A medida que zozobraba en los pantanos del reportaje, mi relación con el grupo de Barranquilla se fue haciendo más intensa. Sus viajes a Bogotá no eran frecuentes, pero yo los asaltaba por teléfono a cualquier hora en cualquier apuro, sobre todo a Germán Vargas, por su concepción pedagógica del reportaje. Los consultaba en cada apuro, que eran muchos, o ellos me llamaban cuando había motivos para felicitarme. A Álvaro Cepeda lo tuve siempre como un condiscípulo en la silla de al lado. Después de las burlas cordiales de ida y vuelta que fueron siempre de rigor dentro del grupo, me sacaba del pantano con una simplicidad que nunca dejó de asombrarme. En cambio, mis consultas con Alfonso Fuenmayor eran más literarias. Tenía la magia certera para salvarme de apuros con ejemplos de grandes autores o para dictarme la cita salvadora rescatada de su arsenal sin fondo. Su broma maestra fue cuando le pedí el título para una nota sobre los vendedores de comidas callejeras acosados por las autoridades de Higiene. Alfonso me soltó la respuesta inmediata:

– El que vende comida no se muere de hambre.

Se la agradecí en el alma, y me pareció tan oportuna que no pude resistir la tentación de preguntarle de quién era. Alfonso me paró en seco con la verdad que yo no recordaba:

– Es suya, maestro.

En efecto, la había improvisado en alguna nota sin firma, pero la había olvidado. El cuento circuló durante años entre los amigos de Barranquilla, a quienes nunca pude convencer de que no había sido una broma.

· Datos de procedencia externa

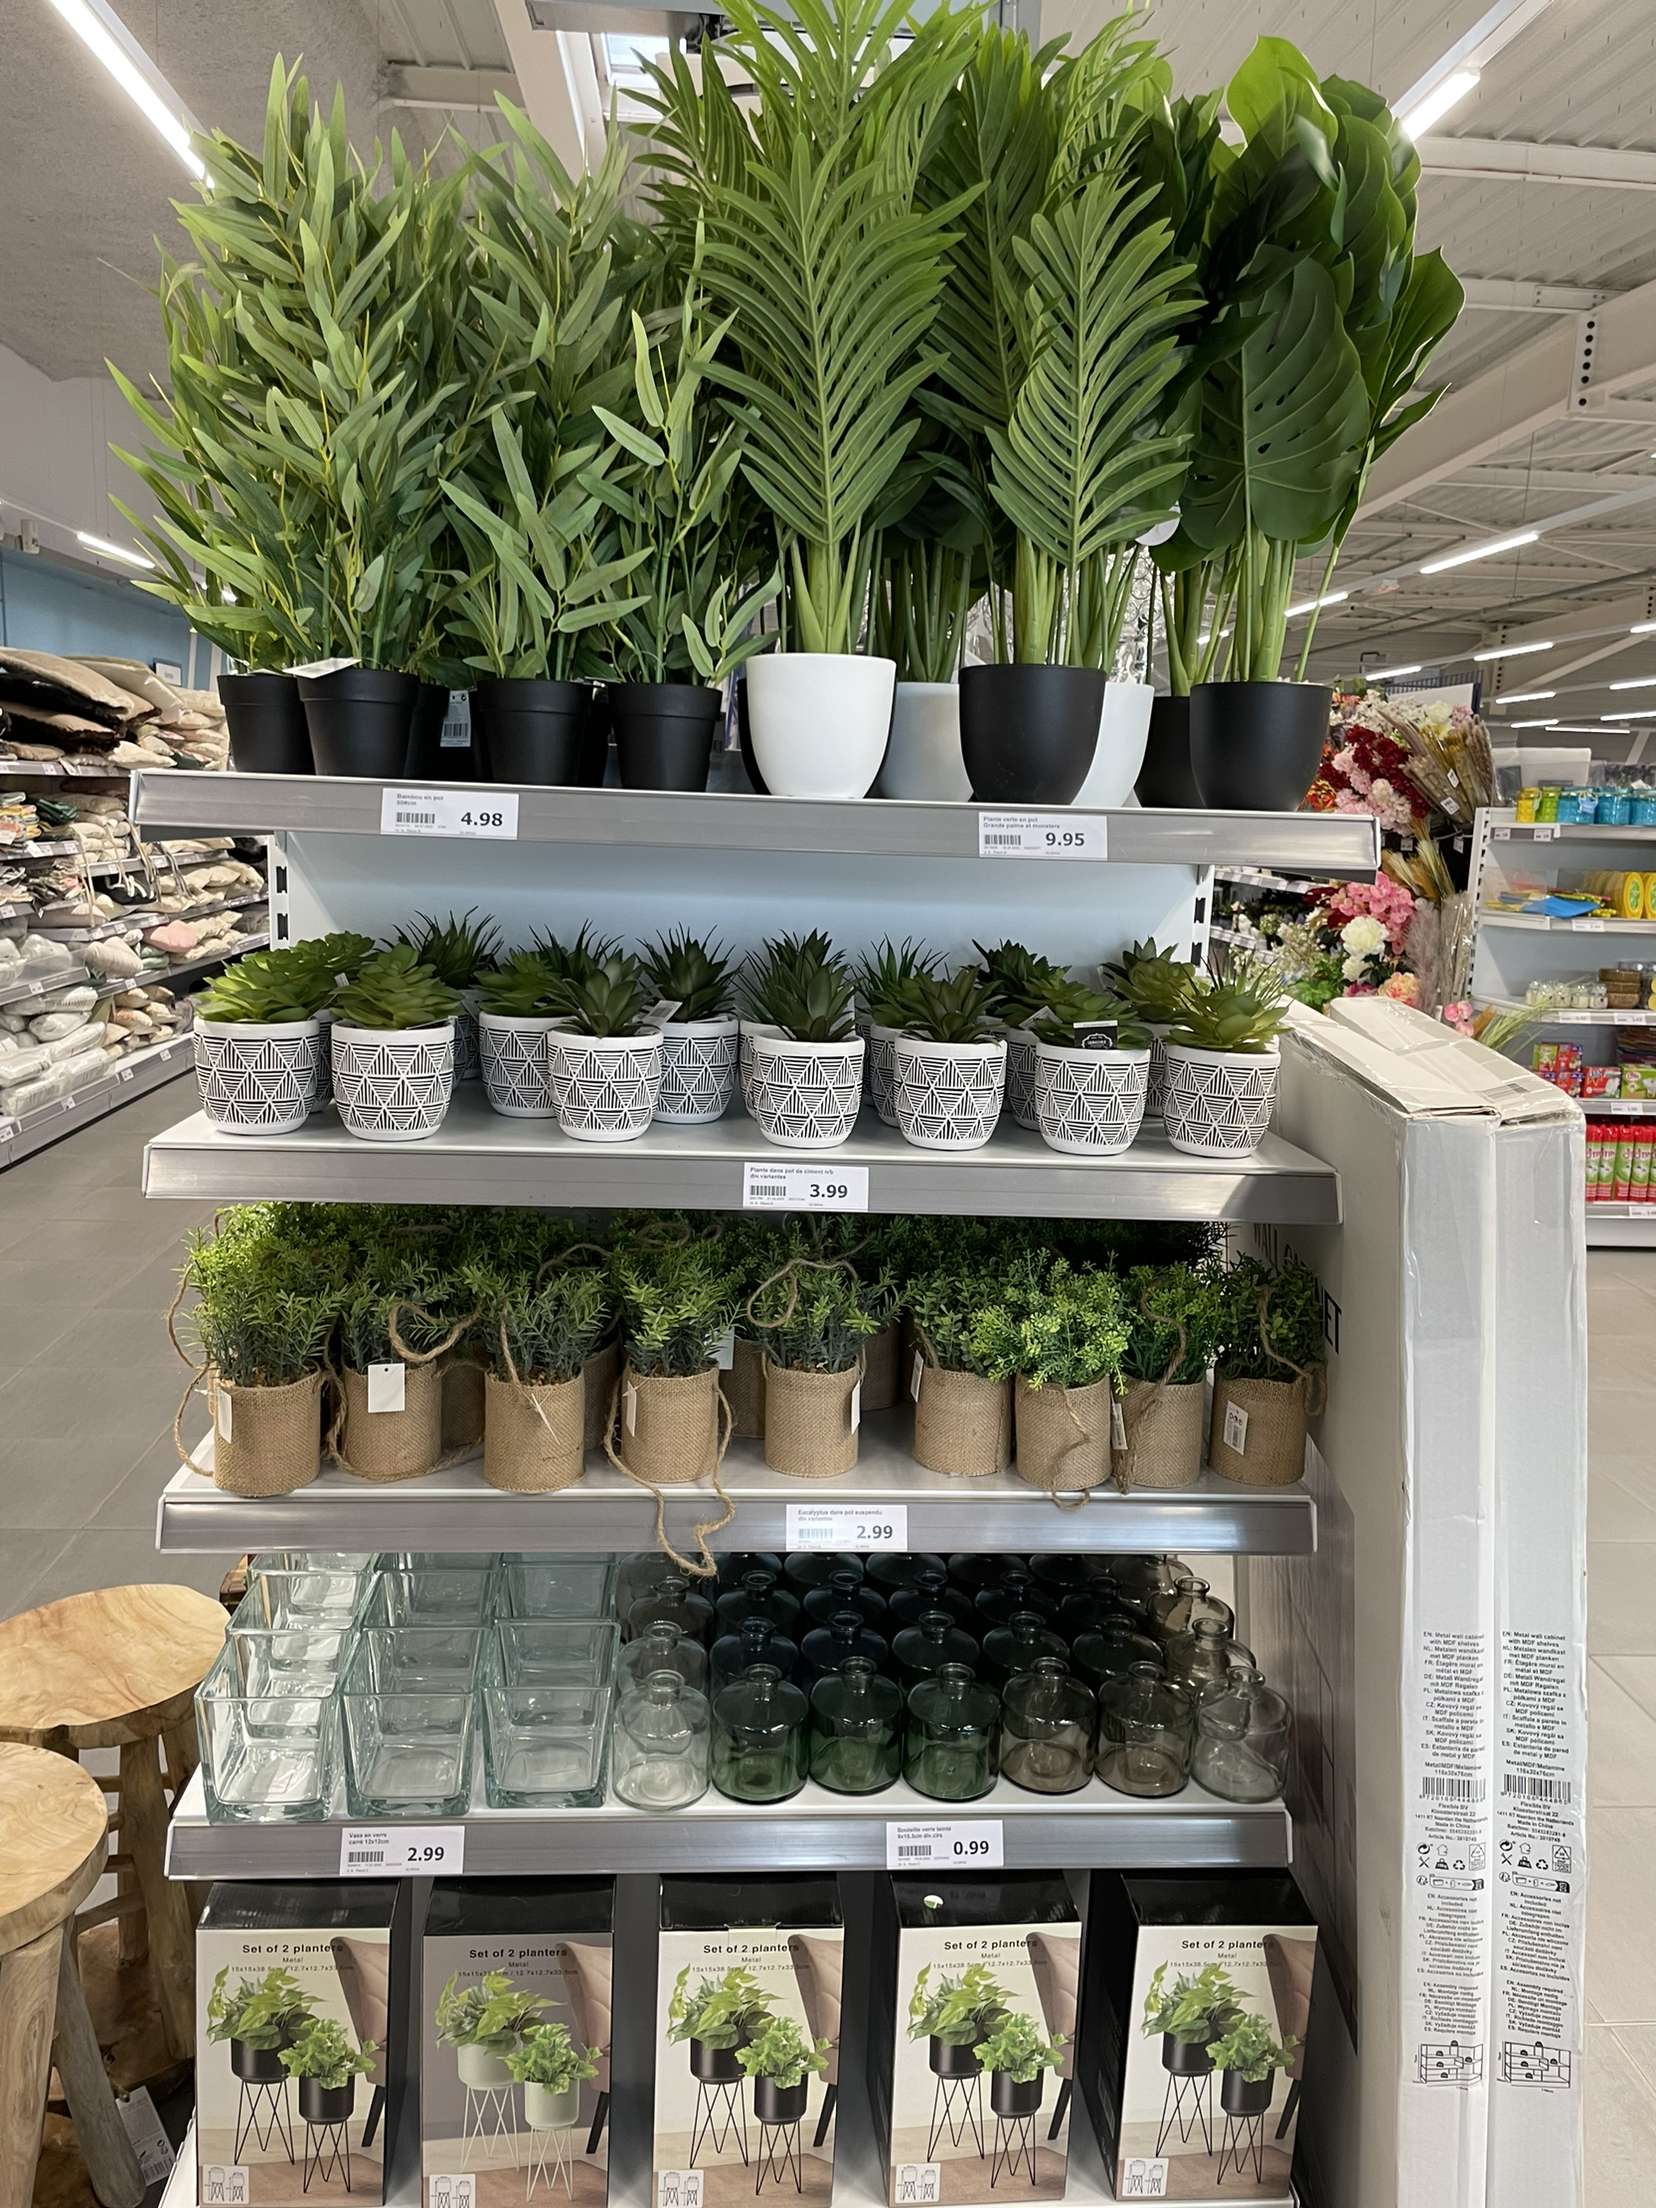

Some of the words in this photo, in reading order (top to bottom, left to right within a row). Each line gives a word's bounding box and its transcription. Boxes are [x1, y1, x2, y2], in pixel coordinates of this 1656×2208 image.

Un viaje ocasional de Álvaro Cepeda a Bogotá me distrajo por unos días de la galera de las noticias diarias. Llegó con la idea de hacer una película de la cual sólo tenía el título: La langosta azul. Fue un error certero, porque Luis Vicens, Enrique Grau y el fotógrafo Nereo López se lo tomaron en serio. No volví a saber del proyecto hasta que Vicens me mandó un borrador del guión para que pusiera algo de mi parte sobre la base original de Álvaro. Algo puse yo que hoy no recuerdo, pero la historia me pareció divertida y con la dosis suficiente de locura para que pareciera nuestra.

Todos hicieron un poco de todo, pero el papá por derecho propio fue Luis Vicens, que impuso muchas de las cosas que le quedaban de sus pinitos de París. Mi problema era que me encontraba en medio de alguno de aquellos reportajes prolijos que no me dejaban tiempo para respirar, y cuando logré liberarme ya la película «estaba en pleno rodaje en Barranquilla.